女中から文を受け取った影は、のらりくらりと歩き、光のない場所に来ると、そこに繋いであった馬に飛び乗り、疾風の如くその場から駆け出した。その馬の行き着いた場所は、言わずと知れた、チンザイの屋敷。その文には、


「天上軍、夜襲せず。」


そう書かれていた。チンザイはすぐさま武の幹部に招集をかけ、このことを伝えた。チンザイは、すぐさま先制攻撃をする様に、天に進言した。しかし、ここにきて、関白が


「向こうが仕掛けてこないのです。私たちは、正しいのです。わざわざこちらから戦を仕掛けずとも・・・・」


と意見がわかれた。チンザイは、チッと舌打ちをし、


「良いですか、あちらが謀反を起こそうとしておるのは明確。さすれば、その罪を起こす前に潰してなにが悪かろう。ここにきて、関白殿は弟君が可愛そうに思われたか?それとも、何かやましい事でも、心に抱えておられるのか?弟君は謀反の張本人でございまするぞ。天の前で、その弟君を庇い立ていたすことは、関白殿も、同じ謀反人となりまするが、如何いたしまするか?」


「私は、庇い立てしておるわけではござらん。ただ、むやみに血を流すのはいかがなことかと・・・・。」


チンザイにギロッと睨みつけられ、それ以上言葉が続かなくなった、関白、ここにきて、利用されていることに気がつき始めた。


「天、ご判断を!!」


「うむ、謀反を起こそうとしていること、一目瞭然、よって、スコウ天上の軍に攻撃を加える。
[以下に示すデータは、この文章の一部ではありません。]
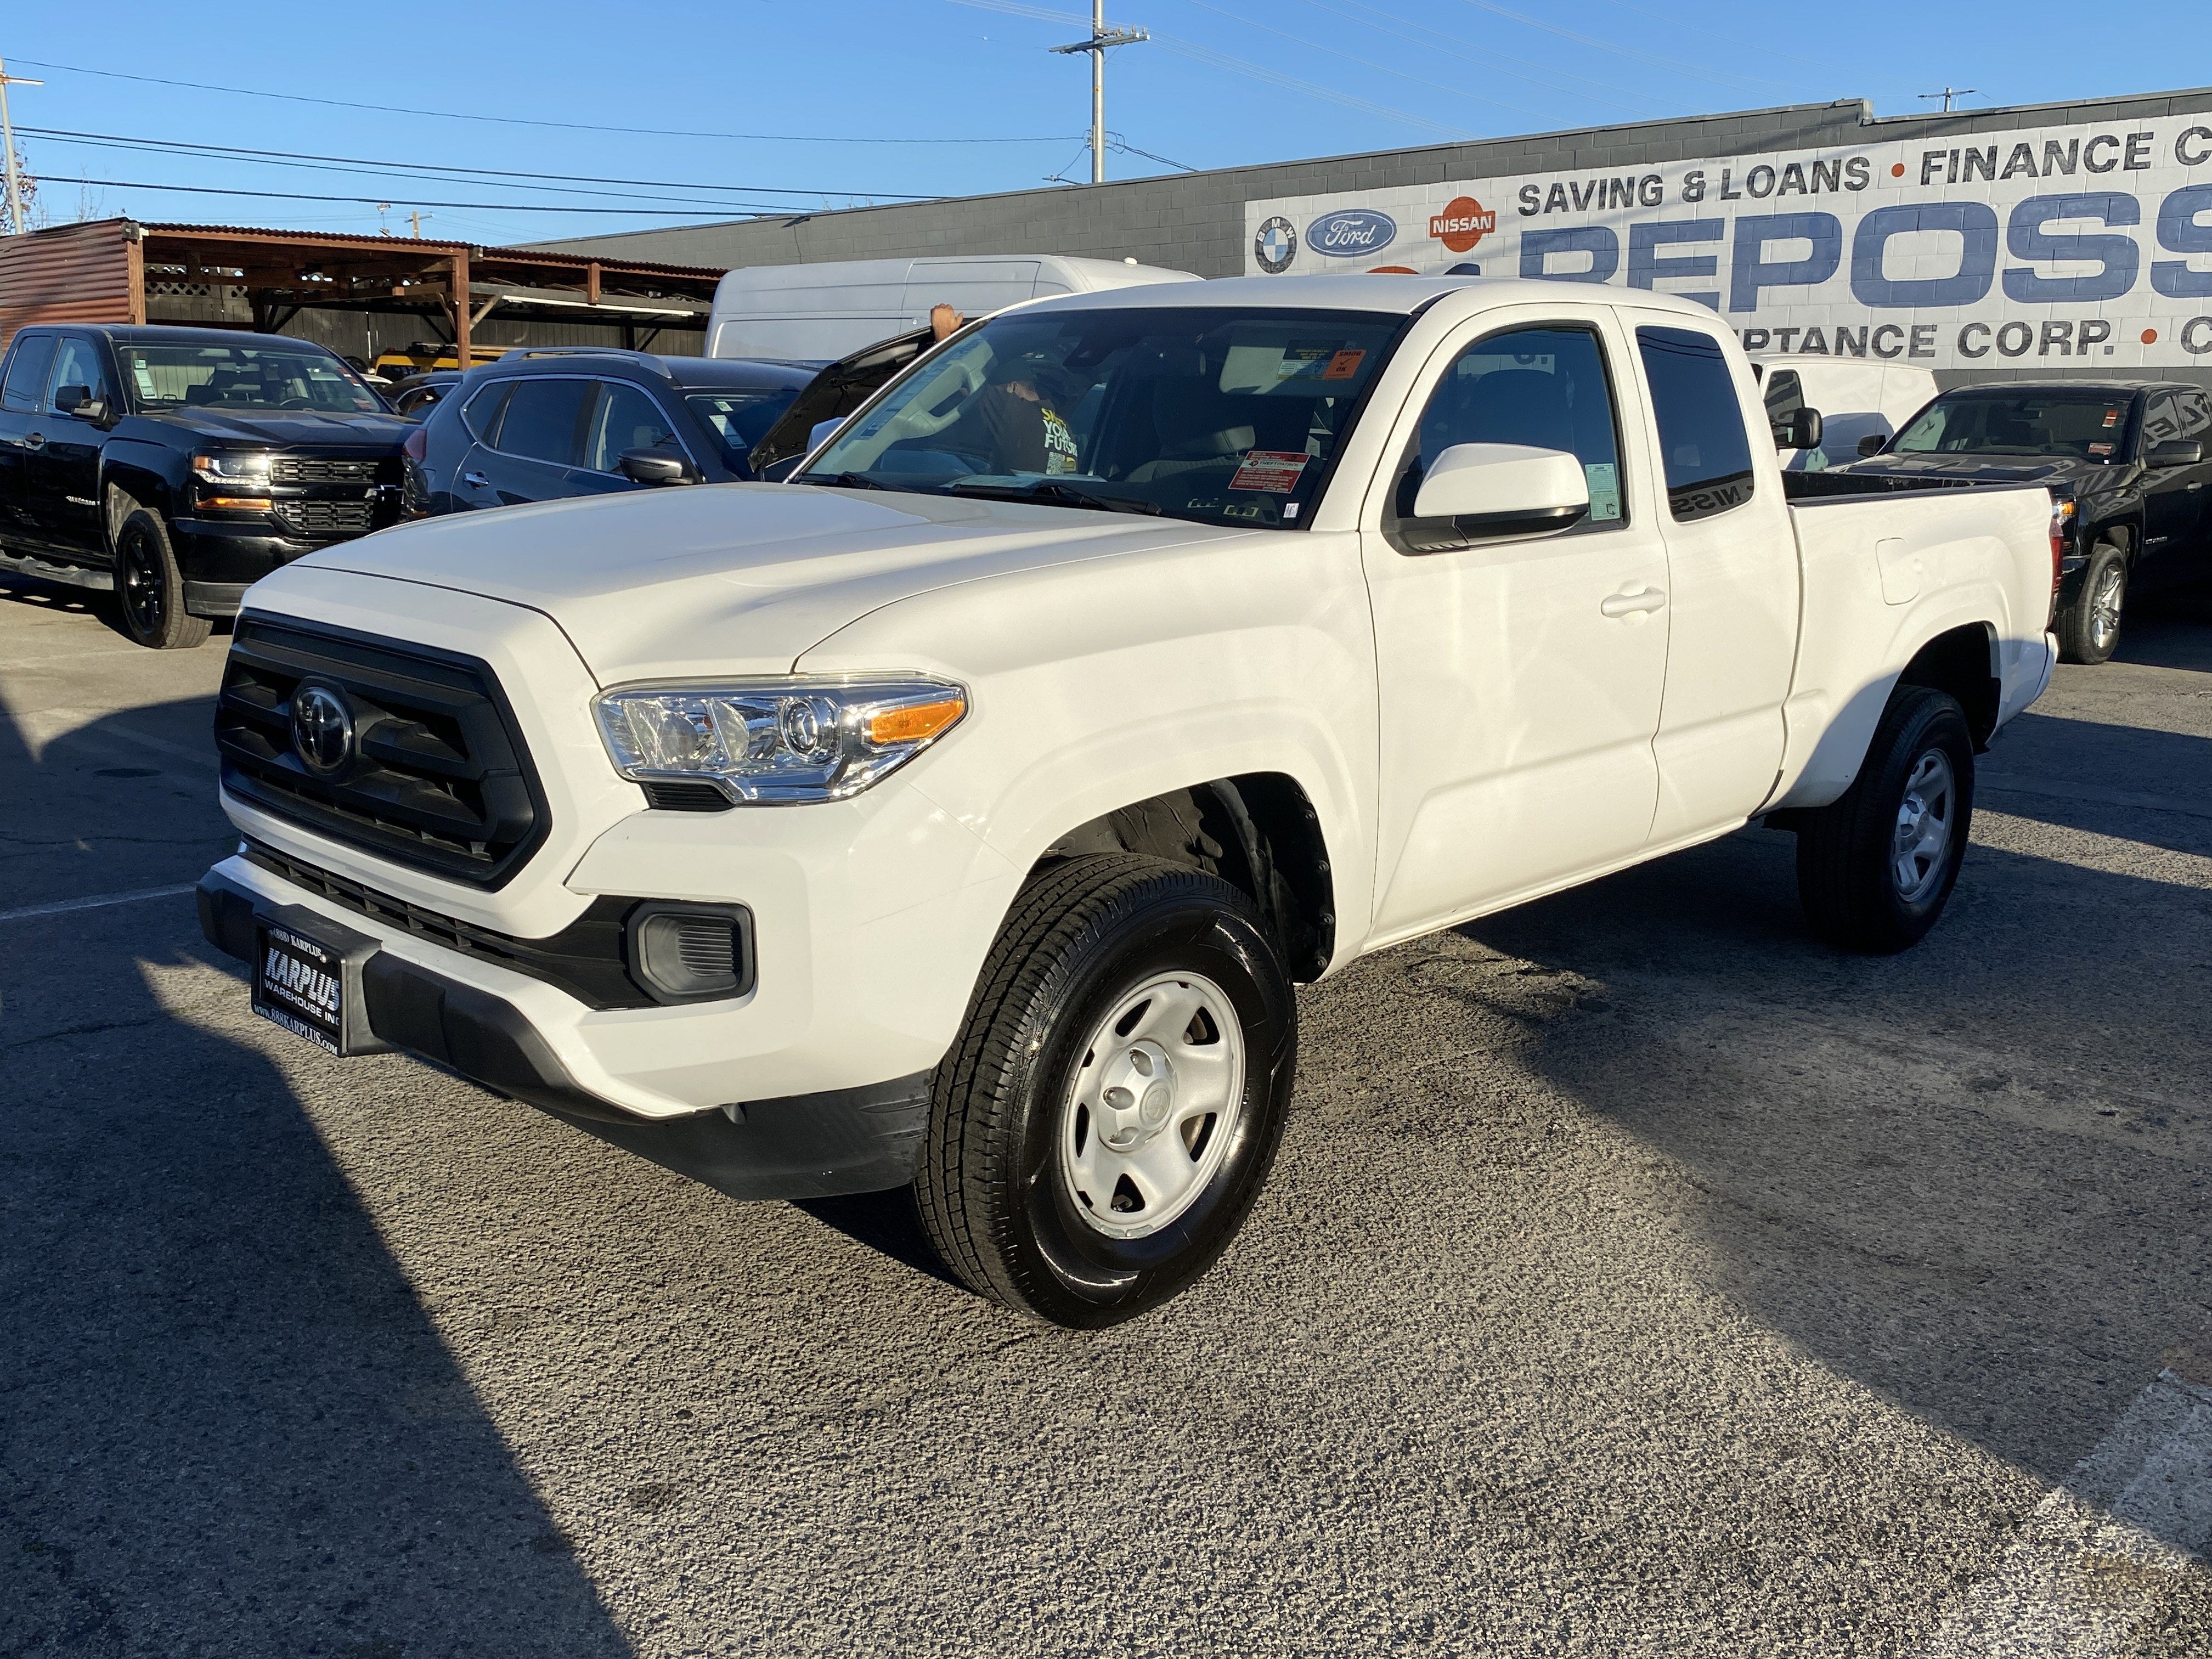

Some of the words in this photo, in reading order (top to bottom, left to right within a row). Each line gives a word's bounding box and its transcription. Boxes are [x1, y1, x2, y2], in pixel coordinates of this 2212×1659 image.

セイライ、ヨギ(セイライとほぼ同じ力を持つ一族の武)、兵を動かせ。」


「御意!!」


朝日が昇る少し前、天上の陣営の屋敷を、セイライ率いる300余騎、ヨギ率いる200余騎、そして、もう一軍が、100余騎の軍勢が取り囲み、戦の火蓋が切られた。天上の軍勢は、屋敷を出ることなく、屋敷から矢を放ち応戦をした。夜襲に備え警護をしていたことが、功をそうした。これだけの軍勢に、寝込みを襲われれば、ひとたまりもなかったであろう。しかし、その力の差は歴然で、次第に、屋敷の近くまで、兵が押し寄せるようになってきていた。